**Your instructions:** Exclude images, then output the remaining data verbatim.
________________
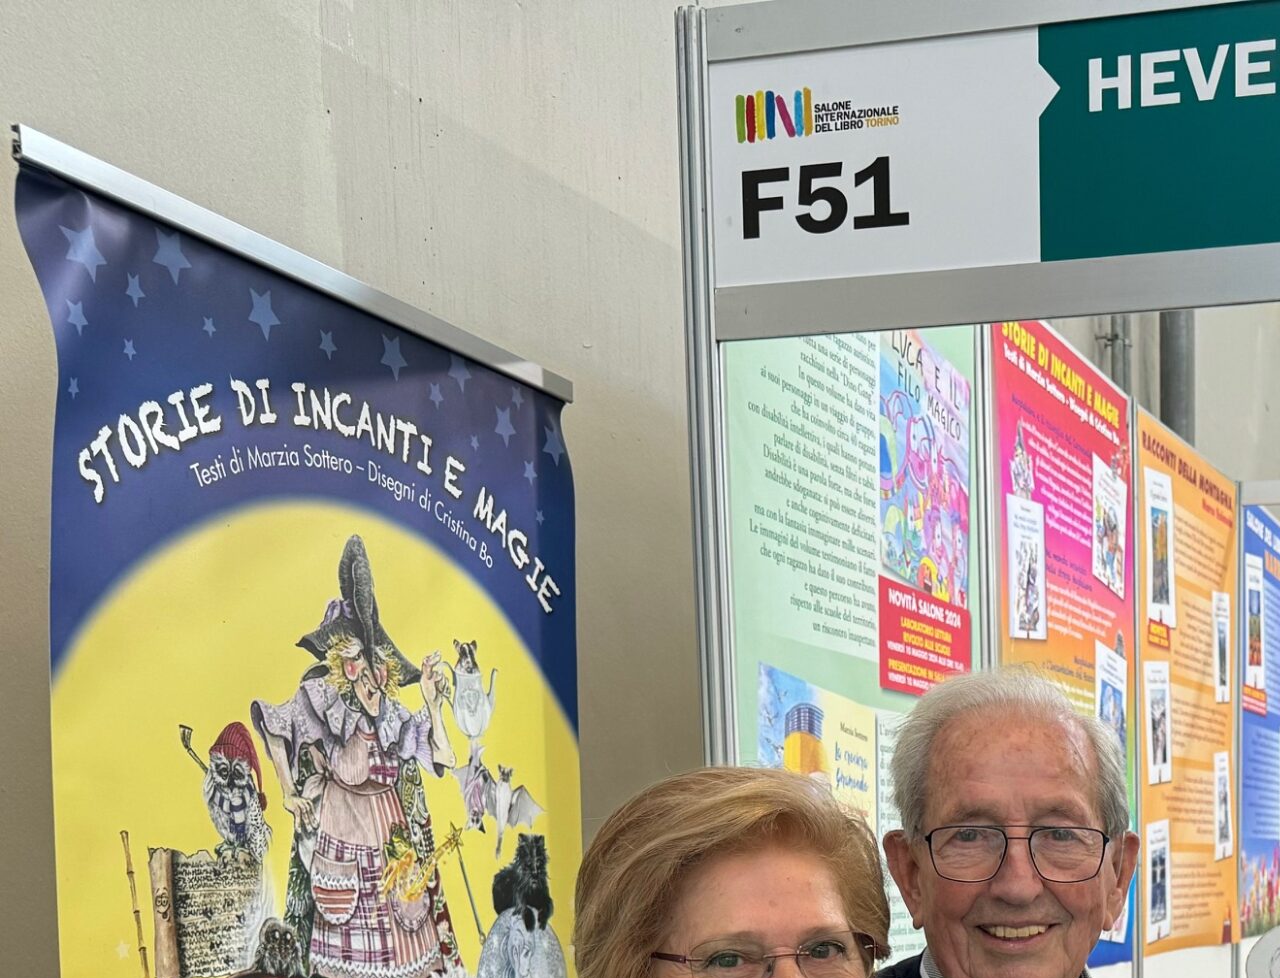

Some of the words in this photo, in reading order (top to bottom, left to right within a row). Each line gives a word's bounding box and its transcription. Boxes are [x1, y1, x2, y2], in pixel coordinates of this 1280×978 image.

[815, 100, 851, 113] SALONE
[815, 106, 898, 123] INTERNAZIONALE
[815, 123, 832, 133] DEL
[835, 120, 863, 131] LIBRO
[865, 116, 899, 128] TORINO
[742, 156, 909, 239] F51
[892, 330, 923, 368] LUCA
[935, 359, 941, 394] E
[950, 375, 960, 409] IL
[898, 361, 921, 403] FILO
[928, 394, 961, 441] MAGICO
[1002, 322, 1035, 358] STORIE
[1038, 343, 1048, 369] DI
[1051, 355, 1084, 397] INCANTI
[1087, 385, 1092, 405] E
[1094, 392, 1118, 427] MAGIE
[1004, 343, 1017, 364] Testi
[1026, 362, 1045, 386] Marzia
[1046, 378, 1064, 402] Sottero
[79, 382, 221, 503] STORIE
[230, 374, 277, 426] DI
[292, 382, 432, 475] INCANTI
[444, 456, 465, 499] E
[473, 487, 561, 613] MAGIE
[190, 460, 224, 487] Testi
[230, 446, 244, 473] di
[248, 444, 300, 469] Marzia
[303, 444, 353, 474] Sottero
[368, 461, 415, 501] Disegni
[419, 488, 431, 512] di
[435, 501, 477, 551] Cristina
[480, 542, 493, 568] Bo
[1142, 432, 1175, 468] RACCONTI
[1178, 458, 1196, 484] DELLA
[1199, 475, 1231, 509] MONTAGNA
[888, 589, 916, 611] NOVITÀ
[918, 600, 943, 621] SALONE
[945, 610, 960, 627] 2024
________________
**Exercise response:**
Some of the words in this photo, in reading order (top to bottom, left to right within a row). Each line gives a word's bounding box and its transcription. Boxes are [x1, y1, x2, y2], in pixel coordinates of this 1280×978 image.

[815, 100, 851, 113] SALONE
[815, 106, 898, 123] INTERNAZIONALE
[815, 123, 832, 133] DEL
[835, 120, 863, 131] LIBRO
[865, 116, 899, 128] TORINO
[742, 156, 909, 239] F51
[892, 330, 923, 368] LUCA
[935, 359, 941, 394] E
[950, 375, 960, 409] IL
[898, 361, 921, 403] FILO
[928, 394, 961, 441] MAGICO
[1002, 322, 1035, 358] STORIE
[1038, 343, 1048, 369] DI
[1051, 355, 1084, 397] INCANTI
[1087, 385, 1092, 405] E
[1094, 392, 1118, 427] MAGIE
[1004, 343, 1017, 364] Testi
[1026, 362, 1045, 386] Marzia
[1046, 378, 1064, 402] Sottero
[79, 382, 221, 503] STORIE
[230, 374, 277, 426] DI
[292, 382, 432, 475] INCANTI
[444, 456, 465, 499] E
[473, 487, 561, 613] MAGIE
[190, 460, 224, 487] Testi
[230, 446, 244, 473] di
[248, 444, 300, 469] Marzia
[303, 444, 353, 474] Sottero
[368, 461, 415, 501] Disegni
[419, 488, 431, 512] di
[435, 501, 477, 551] Cristina
[480, 542, 493, 568] Bo
[1142, 432, 1175, 468] RACCONTI
[1178, 458, 1196, 484] DELLA
[1199, 475, 1231, 509] MONTAGNA
[888, 589, 916, 611] NOVITÀ
[918, 600, 943, 621] SALONE
[945, 610, 960, 627] 2024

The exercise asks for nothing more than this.